Film: "Blade Runner 2049; Director: Denis Villeneuve; Cast: Ryan Gosling, Harrison Ford, Ana de Armas, Sylvia Hoeks, Robin Wright, Mackenzie Davis Carli Juri, Lennie James, Dave Baustista, Jared Leto; Rating: *1/2
Do yourself a favour. Run away from "Blade Runner 2049" as far as you can while you still have time. It is one of the most pretentious and ponderous sequels ever, with thinly disguised dialogues taken from messages from fortune cookies masquerading as words of wounded wisdom that civilisation, particularly American civilisation, has discovered while sharing meals with Willy Wonka.
The film is almost three hours of talking plodding tedium with characters who are either manufactured by genetical manipulations and are known as replicants (more like repellents), or are real human beings inscribed with robotic tendencies. Ryan Gosling, one of civilisation's most overrated actors, is unable to determine till the end whether he is real or virtual. Does anyone really care?
Gosling occupies most of the film's cumbersome playing-time. He is presumably a replicant -- or is he? The entire film is about Gosling's search for his identity. The search for self is like Kubrick-meets-Kafka's ghost-on-a-sullen-unexciting-night.
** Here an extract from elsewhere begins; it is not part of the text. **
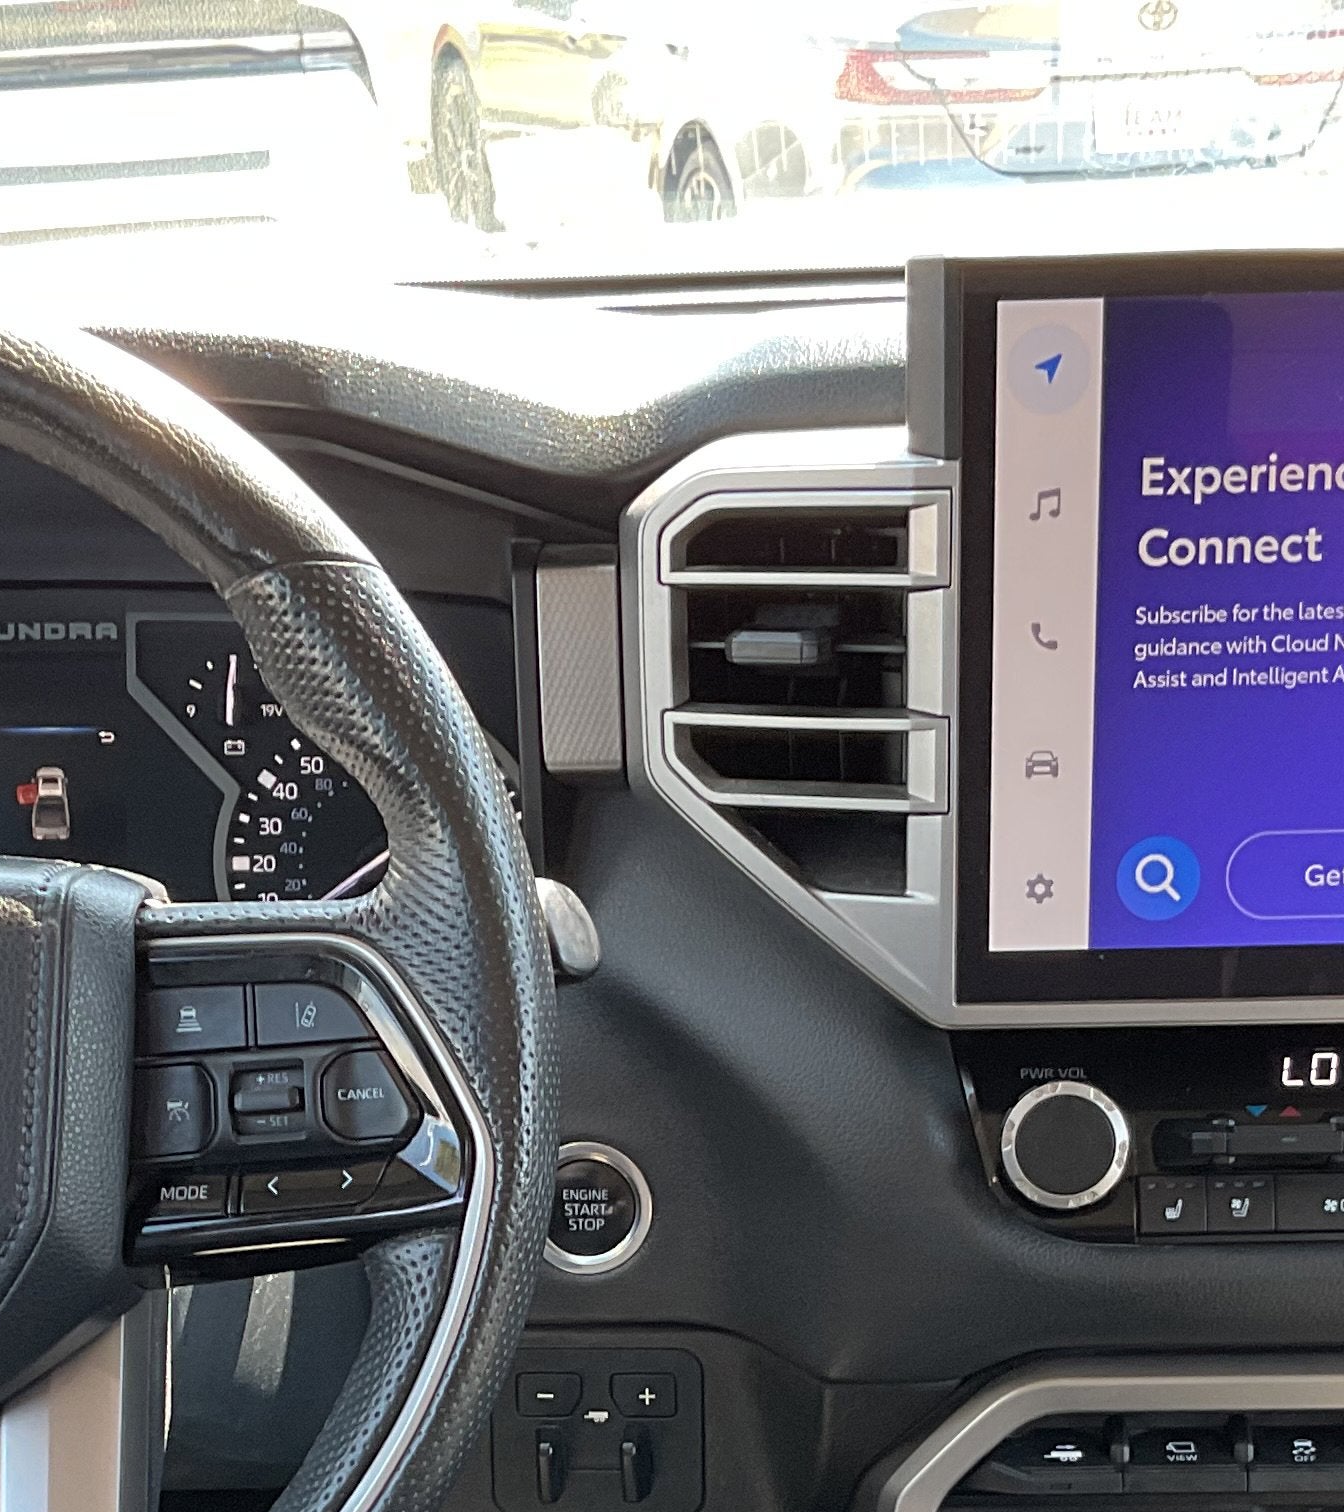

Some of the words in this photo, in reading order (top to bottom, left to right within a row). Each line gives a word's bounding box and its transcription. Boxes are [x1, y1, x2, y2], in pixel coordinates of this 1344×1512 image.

What happened to all the fun and the ravishing action scenes from the first "Blade Runner" film in 1982? There isn't even one spectacularly-staged action sequence in the new edition of "Blade Runner". The entire reined-in velocity of "Blade Runner 2049" hinges on Gosling's character and his search of an identity which takes him from one depressing location to another. Los Angeles looks like it has seen better days. Harrison Ford is dunked into gushing water at the end. He too must wonder at what civilisation has come to since he last played a Blade.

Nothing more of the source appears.